What you have to do: For this exercise, return all the data exactly as it stands.

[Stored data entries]

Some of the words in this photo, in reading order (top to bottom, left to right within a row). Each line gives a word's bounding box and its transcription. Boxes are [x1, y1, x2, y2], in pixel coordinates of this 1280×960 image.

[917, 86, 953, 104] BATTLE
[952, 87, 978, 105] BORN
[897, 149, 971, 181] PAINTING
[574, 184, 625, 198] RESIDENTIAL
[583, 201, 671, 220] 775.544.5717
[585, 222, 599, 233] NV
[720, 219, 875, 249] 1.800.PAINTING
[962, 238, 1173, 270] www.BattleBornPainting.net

Finished exercise:
Some of the words in this photo, in reading order (top to bottom, left to right within a row). Each line gives a word's bounding box and its transcription. Boxes are [x1, y1, x2, y2], in pixel coordinates of this 1280×960 image.

[917, 86, 953, 104] BATTLE
[952, 87, 978, 105] BORN
[897, 149, 971, 181] PAINTING
[574, 184, 625, 198] RESIDENTIAL
[583, 201, 671, 220] 775.544.5717
[585, 222, 599, 233] NV
[720, 219, 875, 249] 1.800.PAINTING
[962, 238, 1173, 270] www.BattleBornPainting.net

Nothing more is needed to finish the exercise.